• _Images for object localization_
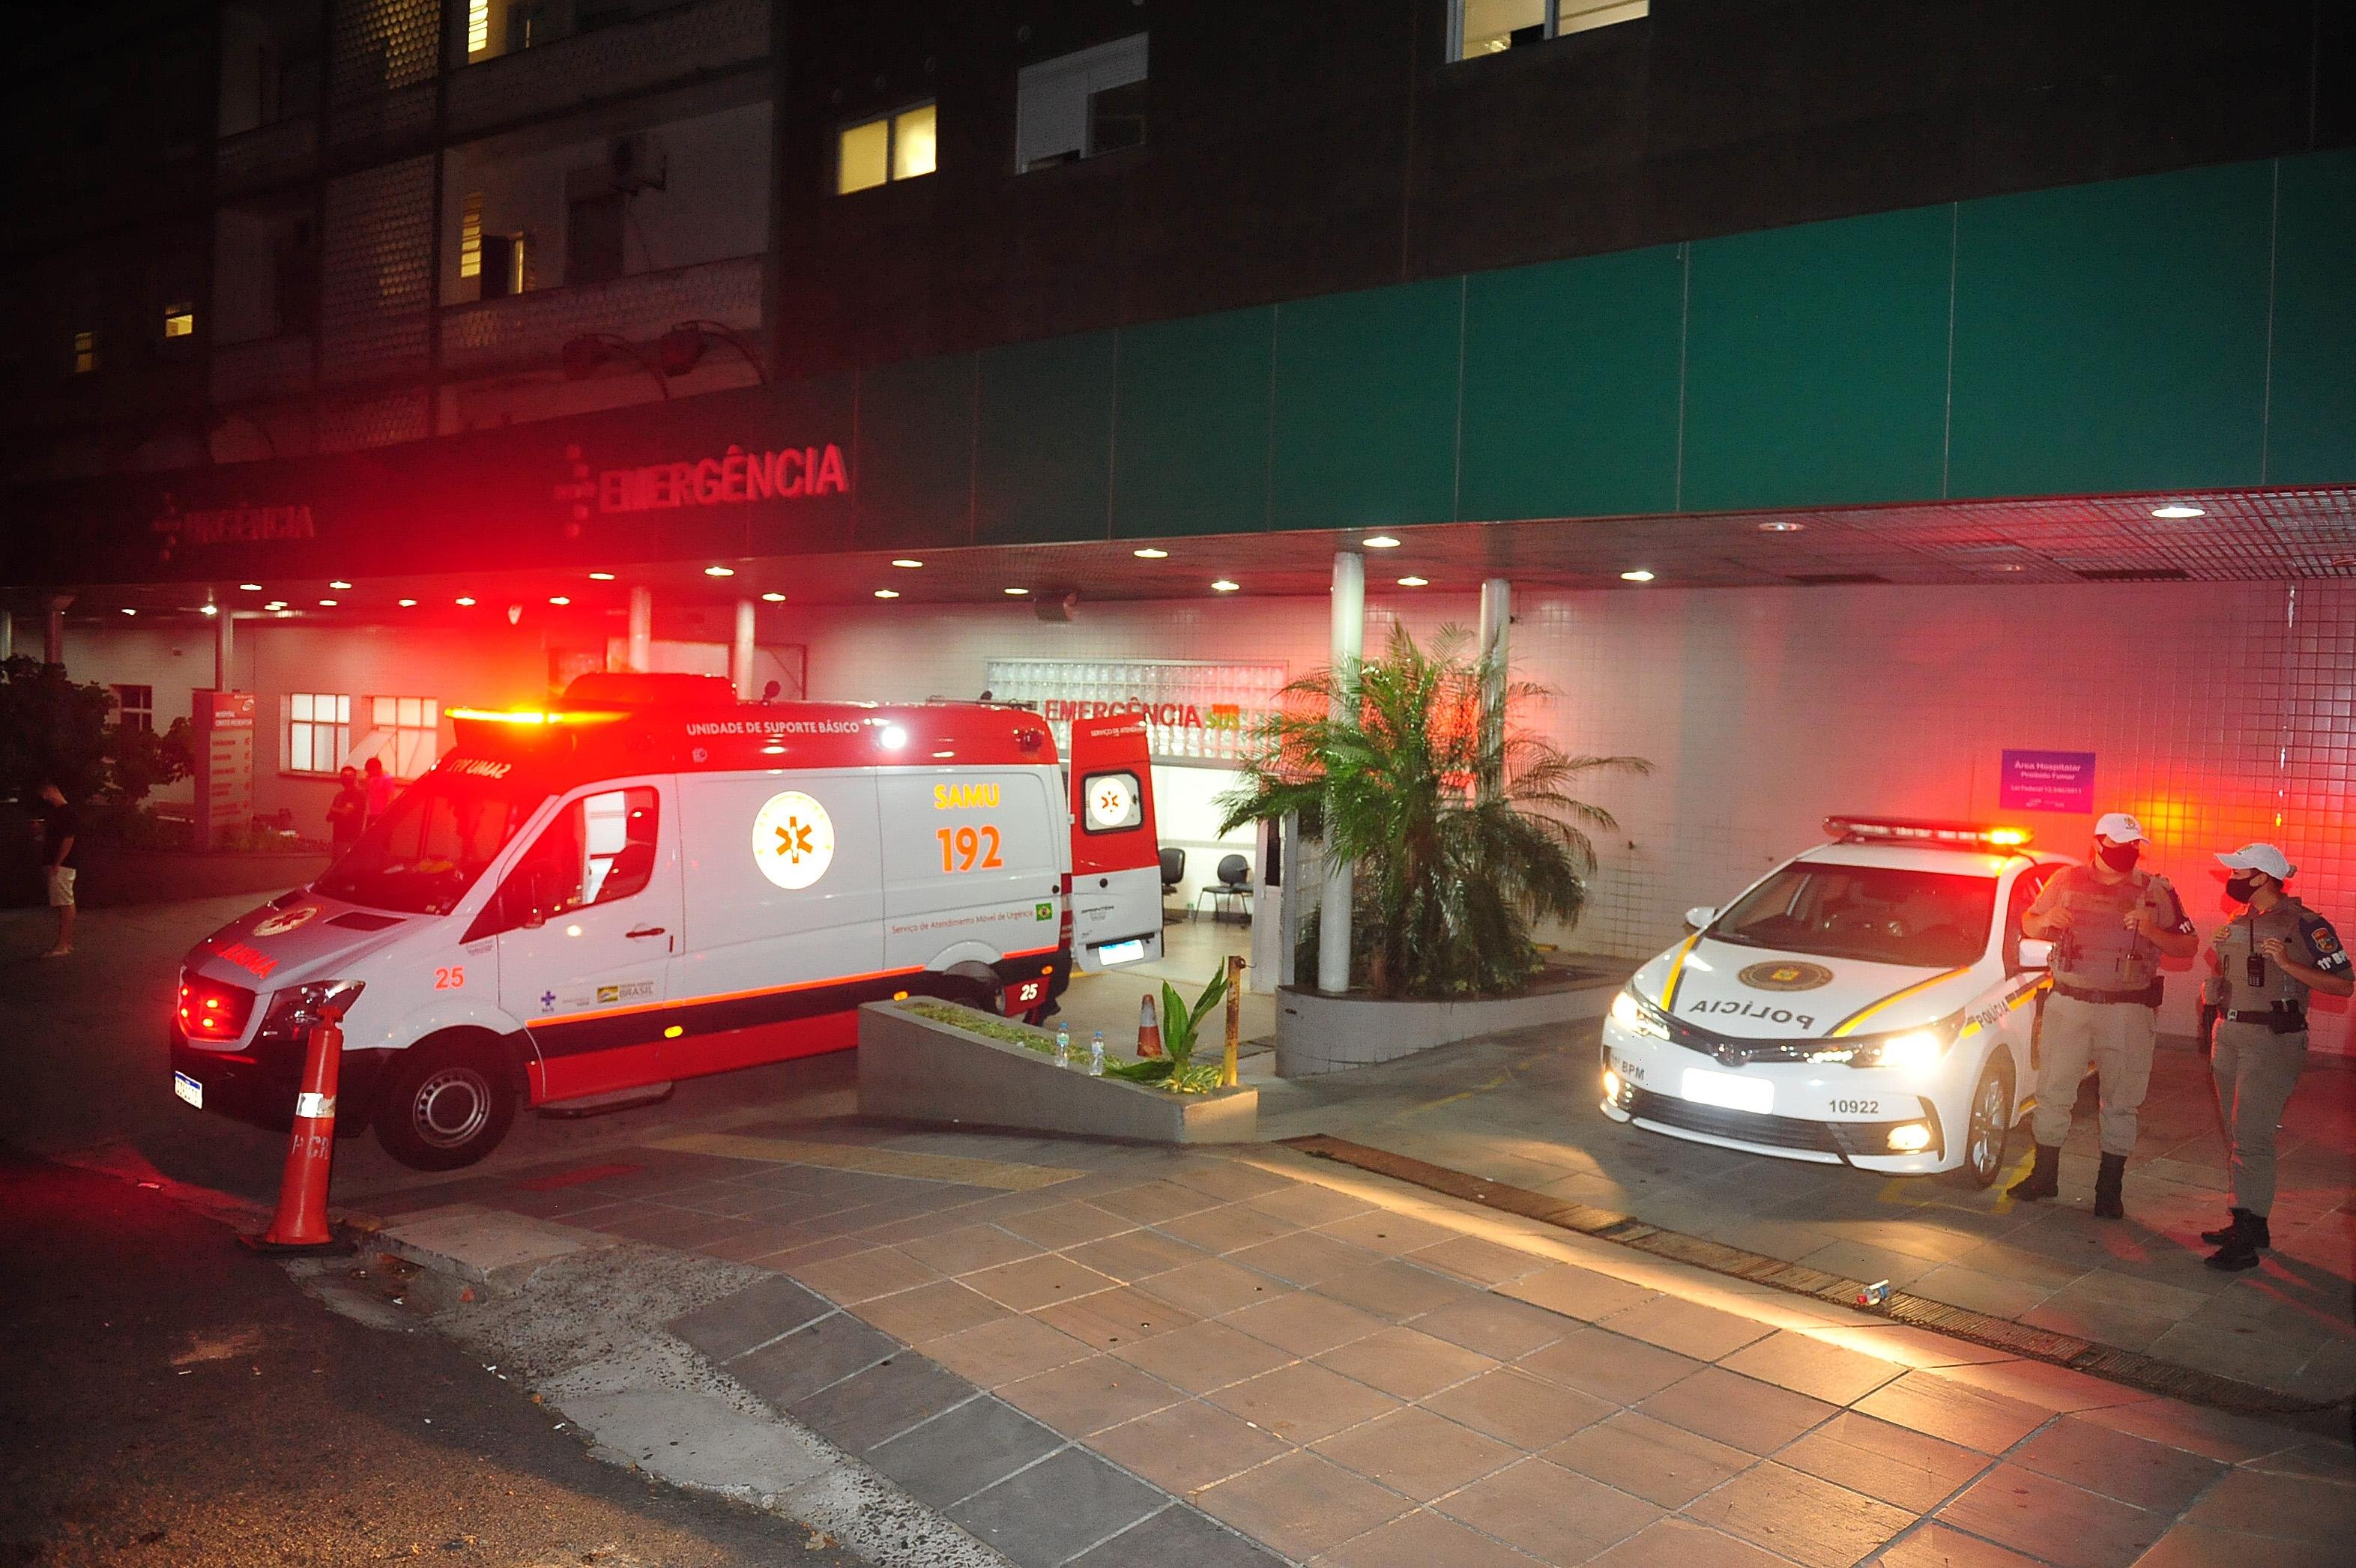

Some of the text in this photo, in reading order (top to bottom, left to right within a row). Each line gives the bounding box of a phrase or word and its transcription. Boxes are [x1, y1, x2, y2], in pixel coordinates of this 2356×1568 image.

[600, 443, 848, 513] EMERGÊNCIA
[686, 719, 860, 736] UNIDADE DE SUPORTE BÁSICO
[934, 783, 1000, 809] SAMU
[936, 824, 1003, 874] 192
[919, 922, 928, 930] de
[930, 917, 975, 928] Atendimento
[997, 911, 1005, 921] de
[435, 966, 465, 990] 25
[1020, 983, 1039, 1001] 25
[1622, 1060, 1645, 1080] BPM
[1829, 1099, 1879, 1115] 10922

• _TASK STATEMENT_
Make an exact copy of the records shown above, without the pictures.

• _ANSWER TO THE EXERCISE_
Some of the text in this photo, in reading order (top to bottom, left to right within a row). Each line gives the bounding box of a phrase or word and its transcription. Boxes are [x1, y1, x2, y2], in pixel coordinates of this 2356×1568 image.

[600, 443, 848, 513] EMERGÊNCIA
[686, 719, 860, 736] UNIDADE DE SUPORTE BÁSICO
[934, 783, 1000, 809] SAMU
[936, 824, 1003, 874] 192
[919, 922, 928, 930] de
[930, 917, 975, 928] Atendimento
[997, 911, 1005, 921] de
[435, 966, 465, 990] 25
[1020, 983, 1039, 1001] 25
[1622, 1060, 1645, 1080] BPM
[1829, 1099, 1879, 1115] 10922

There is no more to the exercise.